“So scant my fare, my bones are bare…”?

Today’s blog explains some of the results of chemical analysis of diet in the St. John’s Milton sample. It is based around the team’s recently accepted paper in the Journal of Historical Archaeology.

Extract from the Otago Witness 21st March 1868 (Issue 851), with one reader at least feeling very melodramatic about the lack of meat in the New Zealand diet. Accessed via Papers Past (National Library of New Zealand)

From the 1860s to the 1890s complaints abound in the Otago papers about meat prices. The cutting above is from the Otago Witness and quotes a poem originally published in Britain’s Punch magazine.
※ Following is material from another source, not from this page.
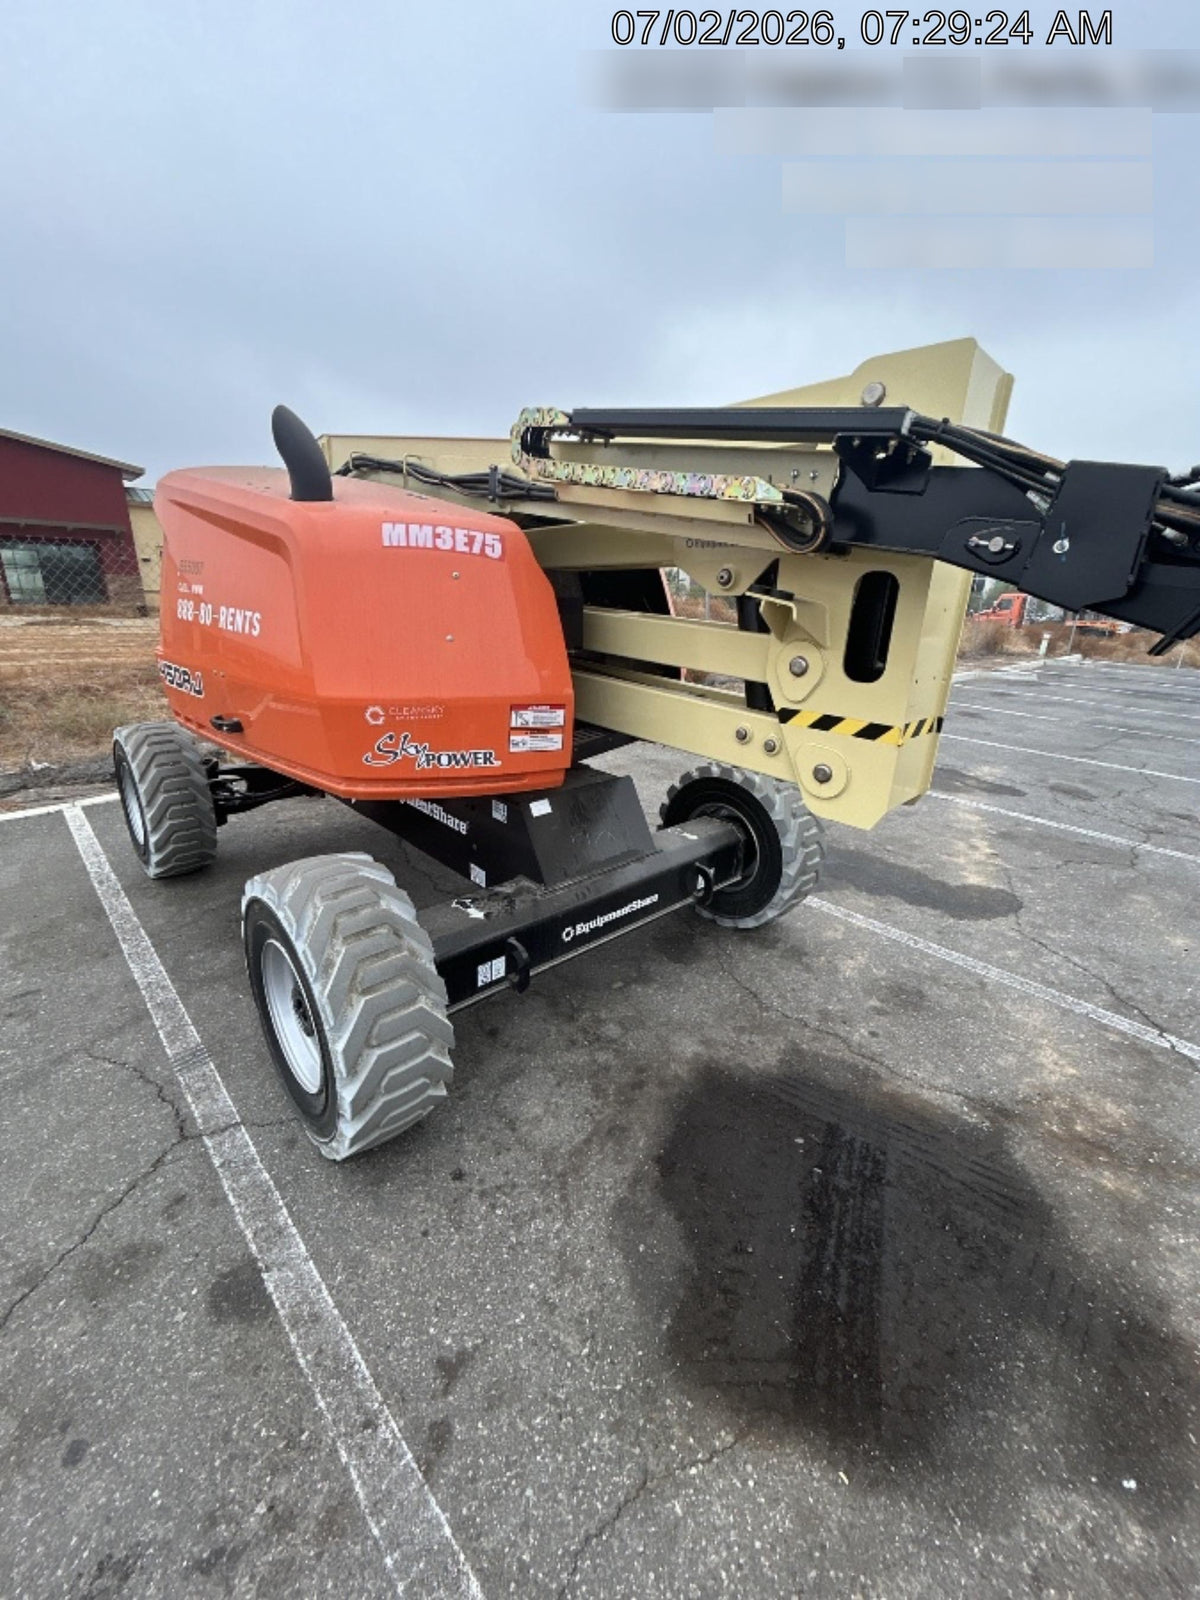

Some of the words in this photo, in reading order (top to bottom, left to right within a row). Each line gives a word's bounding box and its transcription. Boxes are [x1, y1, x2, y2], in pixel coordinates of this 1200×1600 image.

[381, 521, 503, 559] MM3E75
[177, 598, 262, 637] 888-80-RENTS
[575, 893, 659, 934] EquipmentShare
People were upset that life in the colony involved expensive food and they were vocal about it!

Meat prices were a huge issue in the UK – one of the main reasons people emigrated to NZ was to escape poverty and get better access to resources. High food prices in Britain meant few could afford meat – but in New Zealand that was all supposed to change. The Official Handbook of New Zealand, designed to prepare emigrants for life in the colony, was full of big claims about meat-eating…

“the labouring classes use a much more generous diet. The cheapness of meat especially surprises the newly arrived immigrant” (Vogel 1875: 259).

Letters home from colonists are full of people boasting about the amount of meat they eat.

So historical records from the time paint two very different pictures – British propaganda advertises a ‘land of plenty’, but local papers tell us that probably wasn’t the case. Which is it?

Well, luckily we can use people’s bone chemistry to find out!

By looking at the carbon and nitrogen isotope ratios in bone collagen we can get a good idea of what people were really eating in Milton.  That’s not to say we can look at collagen and tell exactly what the person had for breakfast, it’s a bit less precise than that. But we can see how much people ate different food groups (like farmed meat, freshwater fish, seafood and plant foods). Which means we can tell how much meat was in the diet of the Milton settlers…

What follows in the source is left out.